Today, Operation Rescue, which often uses confrontation and stirs controversy with large, vivid photos of fetuses, plans to begin training anti-abortion protesters in alternative methods aimed at getting Carhart's clinic closed down, said Cheryl Sullenger, senior policy adviser for Operation Rescue.
“We are hoping that we will be able to train a core group of people that will be able to conduct investigations, file complaints and use the legal system to close that clinic,” Sullenger said.
The training session is closed to the public for security reasons, she said.
The World-Herald spoke with four former clinic workers, who agreed to be interviewed only if their names were not used because they feared being sued over confidentiality agreements they said they signed with Carhart.
Operation Rescue, though, said it would submit the women's sworn statements to authorities. Those affidavits will identify them by name.
None of the clinic workers left their jobs by choice.
Two of the women said they routinely started IVs at Carhart's clinic though they weren't registered nurses or certified licensed practical nurses, as required in Nebraska. One was fired from the clinic in June, while the other was laid off this month. There is no indication the women lost their jobs because of their alleged involvement in starting the IVs.
A third former employee, who was fired about six years ago, said she frequently administered medication intravenously although she wasn't a certified LPN. That's the minimum requirement for the procedure, according to Marla Augustine, a spokeswoman for the Nebraska Department of Health and Human Services, the regulatory agency for medical services.
The complaint was filed last month by Operation Rescue, based in Wichita, Kan., along with the Washington-based Christian Defense Coalition and two local anti-abortion groups, Rescue the Heartland and Nebraskans United for Life.
The complaint contends that Carhart's clinic is “in an appalling state of neglect and disrepair,” and that Carhart is endangering lives with unsafe medical practices.
The complaint was forwarded by Attorney General Jon Bruning's office to the State Department of Health and Human Services. HHS officials will neither confirm nor deny whether an investigation is under way.
Two of the former clinic workers said they were trained by a registered nurse at the clinic and eventually were taught to insert IV needles and to give intravenous medication. One of the women, who had completed no education beyond a high school diploma, said she was starting IVs and administering medication within a few months of starting to work at the clinic.
Another of the former workers said she saw dried blood on an instrument laid out for a procedure.
A fourth former employee said she was concerned for the safety of the patients because she sometimes saw unsanitary conditions while she worked there.

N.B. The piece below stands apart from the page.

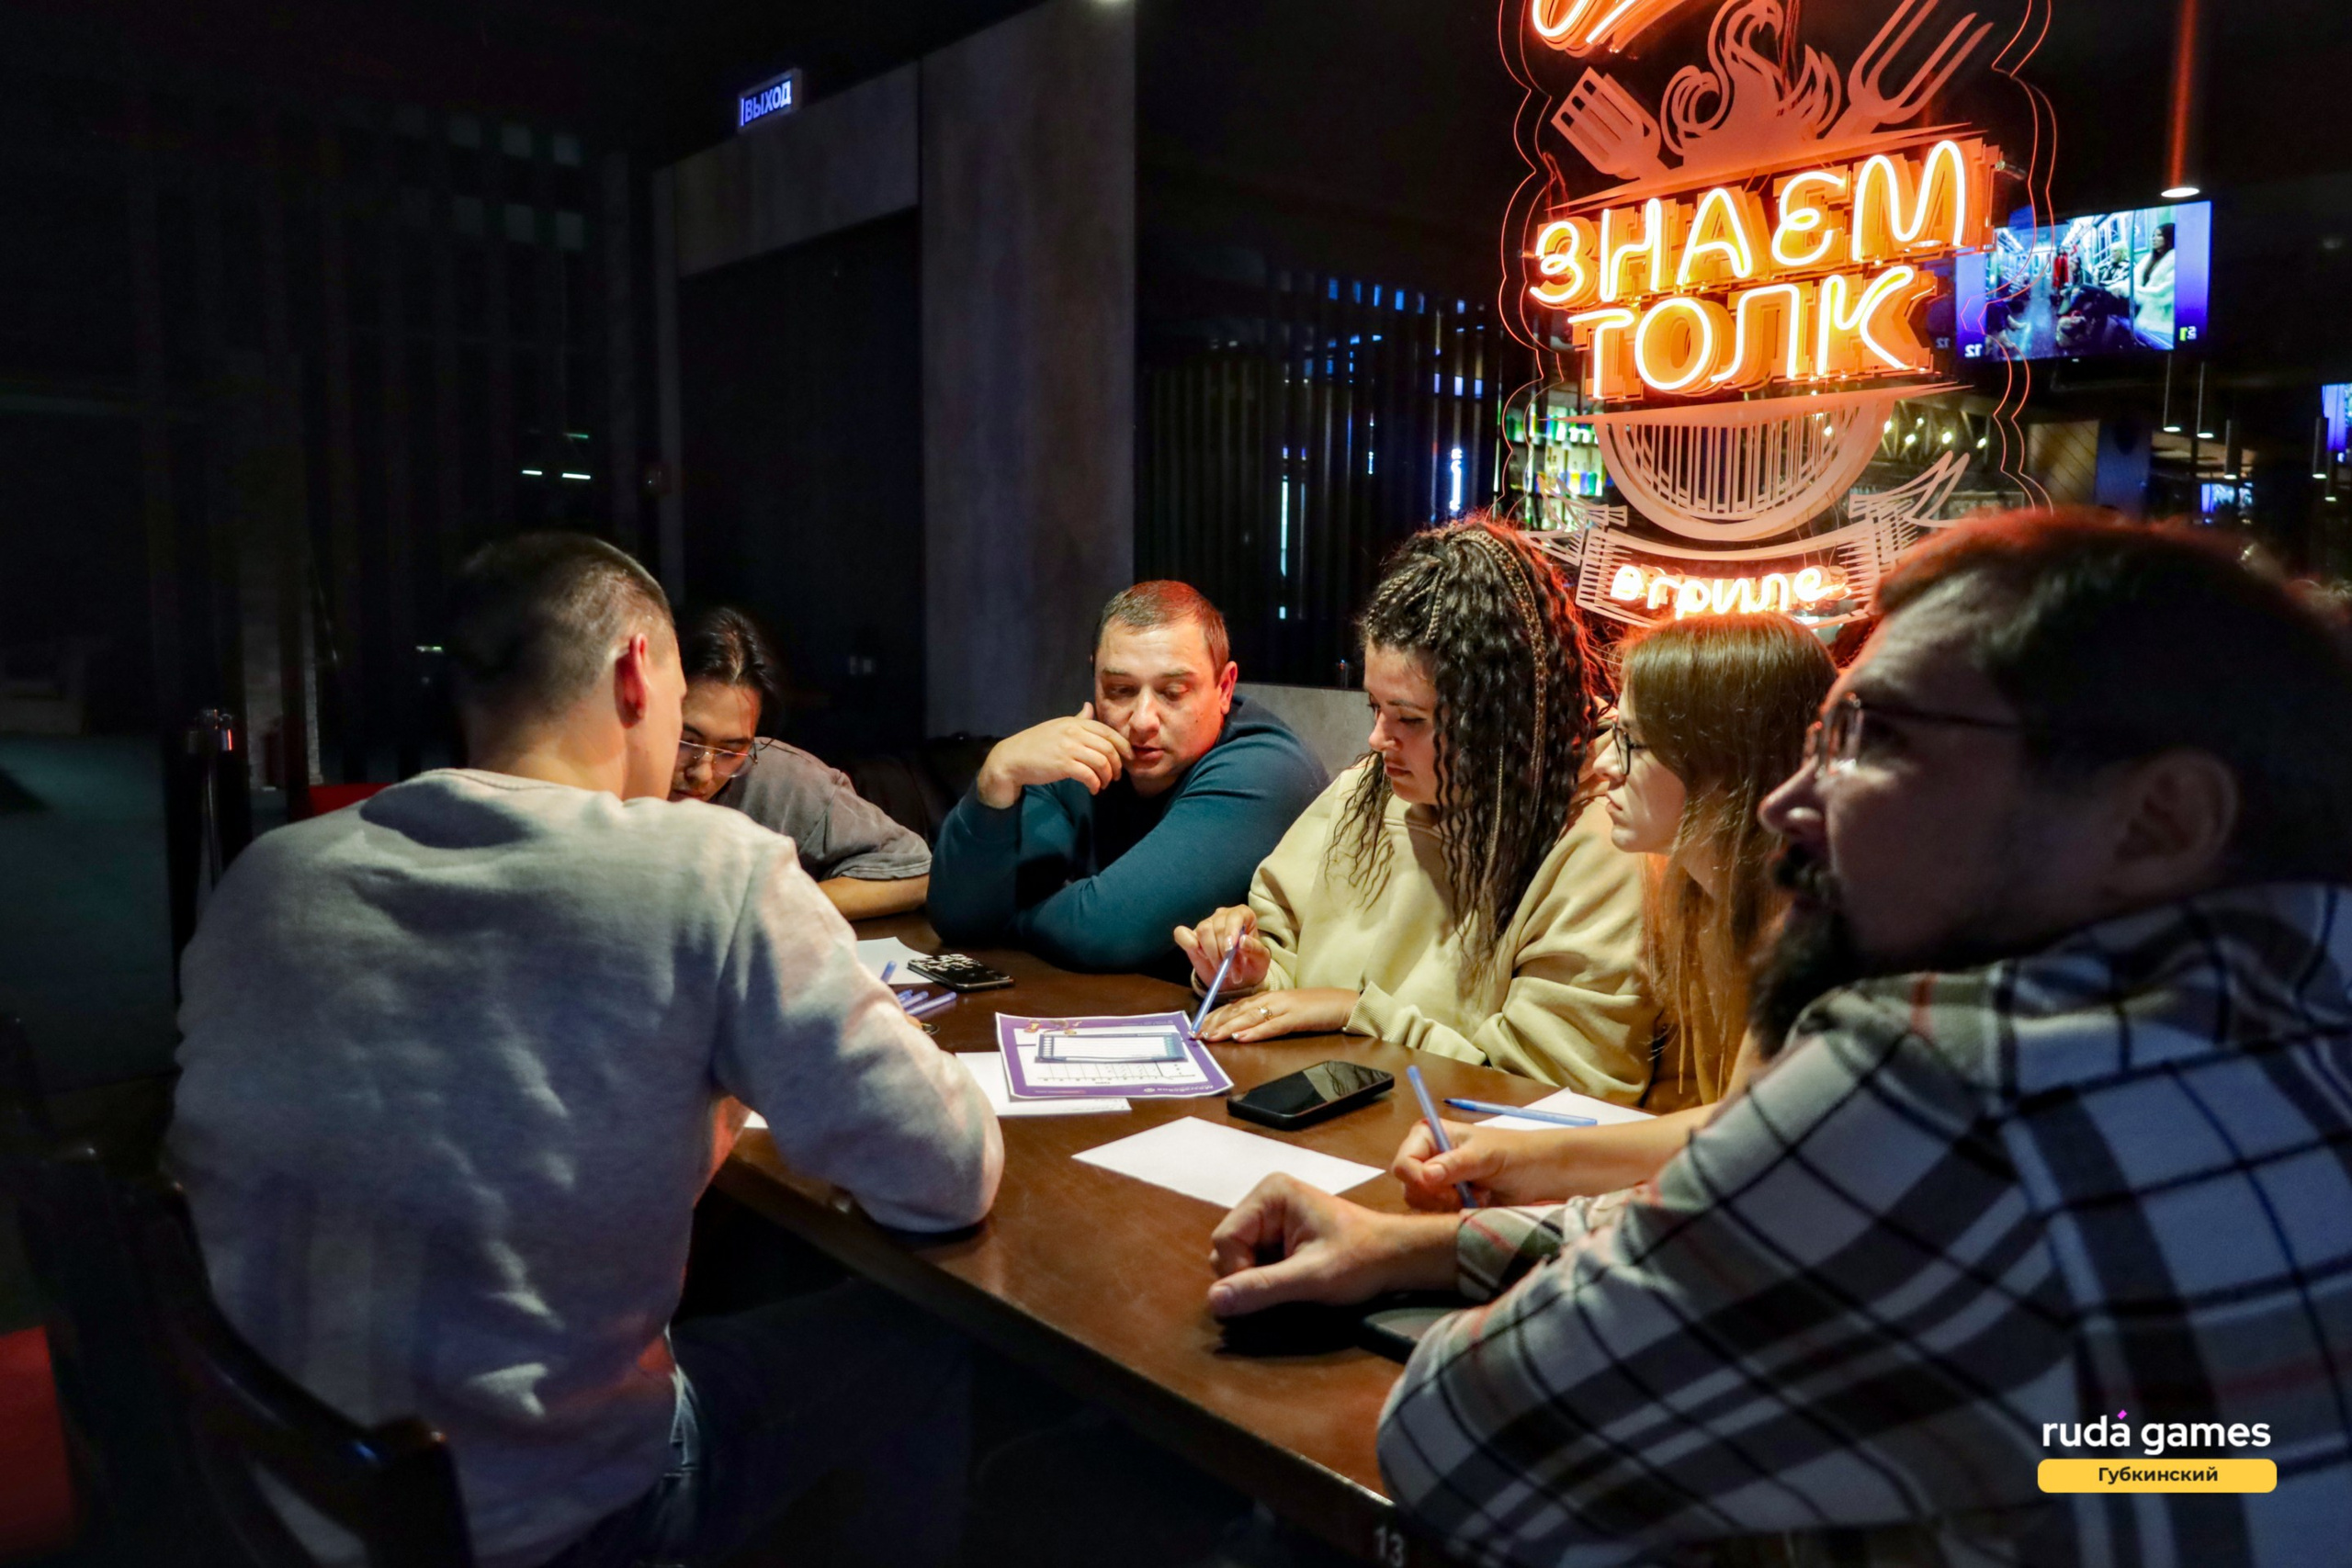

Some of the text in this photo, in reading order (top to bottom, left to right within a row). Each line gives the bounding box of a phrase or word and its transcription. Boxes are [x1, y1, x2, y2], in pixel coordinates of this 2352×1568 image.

[744, 80, 791, 123] ВЫХОД
[1529, 140, 1972, 305] ЗНАЕМ
[1567, 266, 1917, 400] ТОЛК
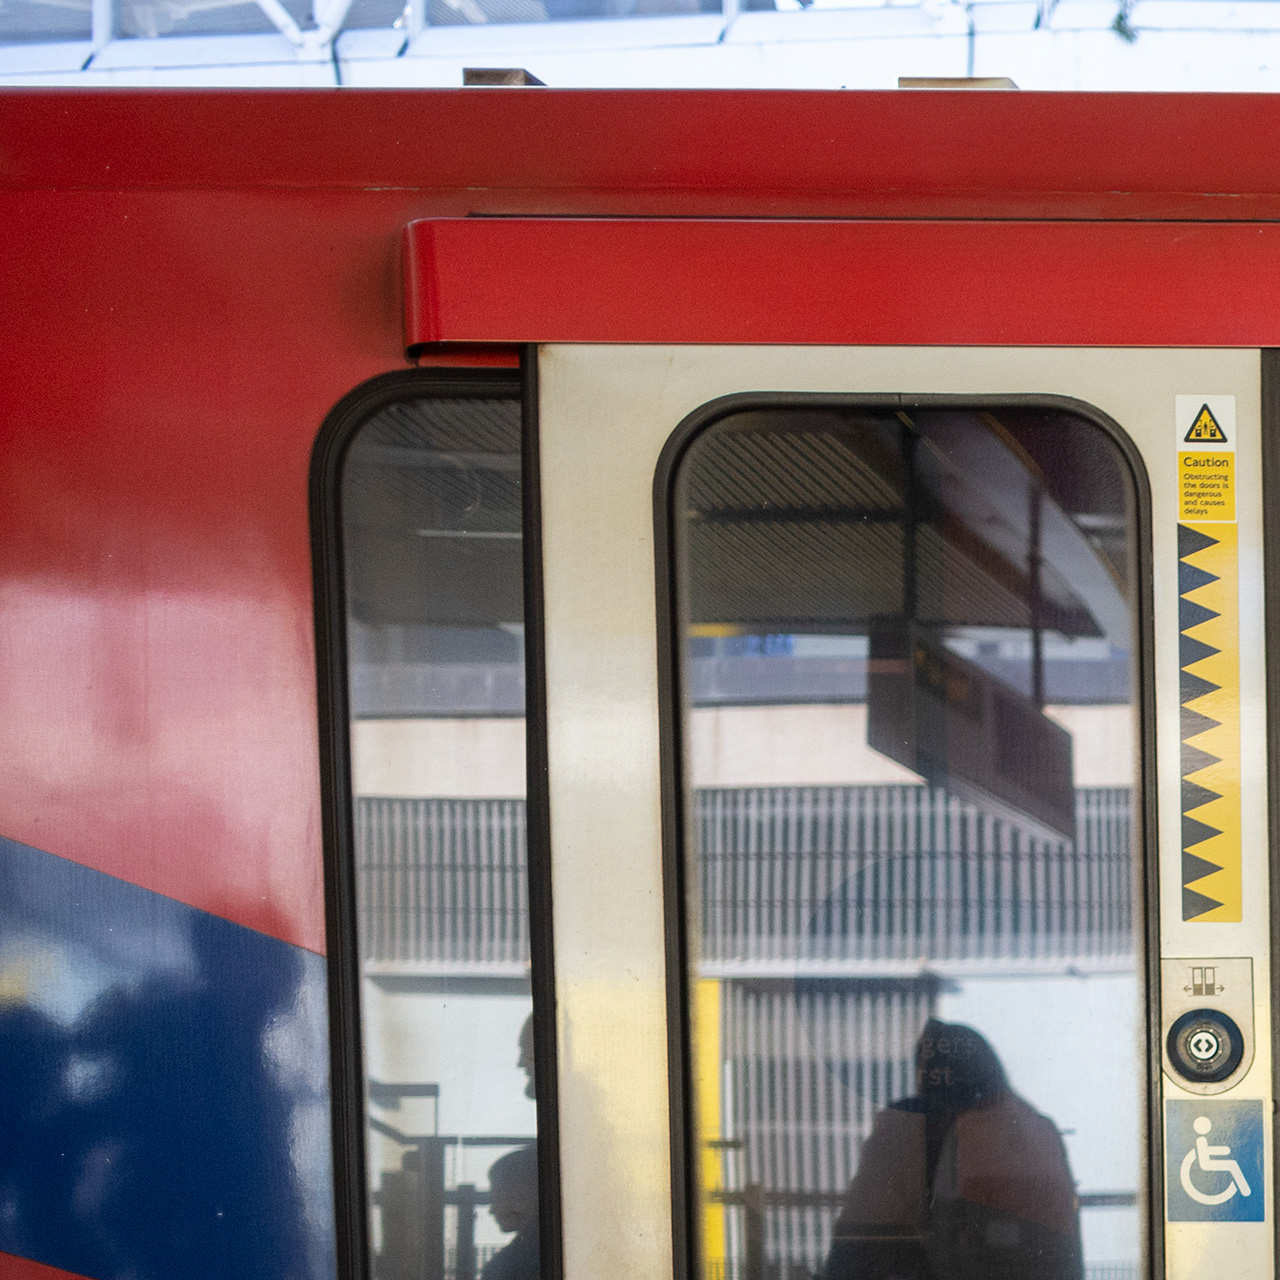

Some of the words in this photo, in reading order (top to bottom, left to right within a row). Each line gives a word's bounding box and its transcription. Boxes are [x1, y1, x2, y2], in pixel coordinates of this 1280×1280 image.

She was laid off from the clinic this month.
Three of the women have felony drug convictions. One was convicted after she was let go from the clinic. The two others had the convictions on their records before they were hired.
Sullenger, of Operation Rescue, said she hopes the women's stories will beef up her group's complaint.
“In general, it's women who are not educated, trained or licensed that are handling duties at the clinic, including starting IVs and assisting with surgeries,” she said.
One of the former employees contacted Operation Rescue through its Web site. Another contacted Larry Donlan, president of Rescue the Heartland. Donlan or his attorney contacted the others.
One of the former clinic workers said Donlan promised to help her find a job after she was laid off from the clinic.
Donlan said he was eager to help the women and was pleased that most of them reached out to him to share their stories.
“It's part of our ministry to help these women,” Donlan said. “We can't get these women jobs, but we can give them leads. We are doing out best to help them.”
Carhart said several months ago that he temporarily would take on late-term abortions after his friend and colleague, Dr. George Tiller, a Wichita, Kan., abortion provider, was shot and killed at his church in May. Tiller ran the Women's Health Care Services clinic in Wichita, which is now closed.
Carhart specified that he would do third-trimester abortions at the Bellevue clinic only in cases in which the fetus, because of a medical problem, could not survive outside the mother's body.
Carhart has been a lightning rod on the abortion issue in Nebraska and nationally. In a lawsuit, he challenged the 1997 Nebraska law banning a particular type of abortion known medically as intact dilation and extraction, or D&X. In the procedure, a doctor removes the fetus as far as the skull, which is then crushed or cut to allow its removal through the cervix without injuring the woman. The U.S. Supreme Court struck down the ban in 2000.
Carhart also challenged the federal Partial Birth Abortion Ban Act of 2003. The U.S. Supreme Court upheld the federal ban in 2007.
World-Herald staff writer Katie Fretland contributed to this report.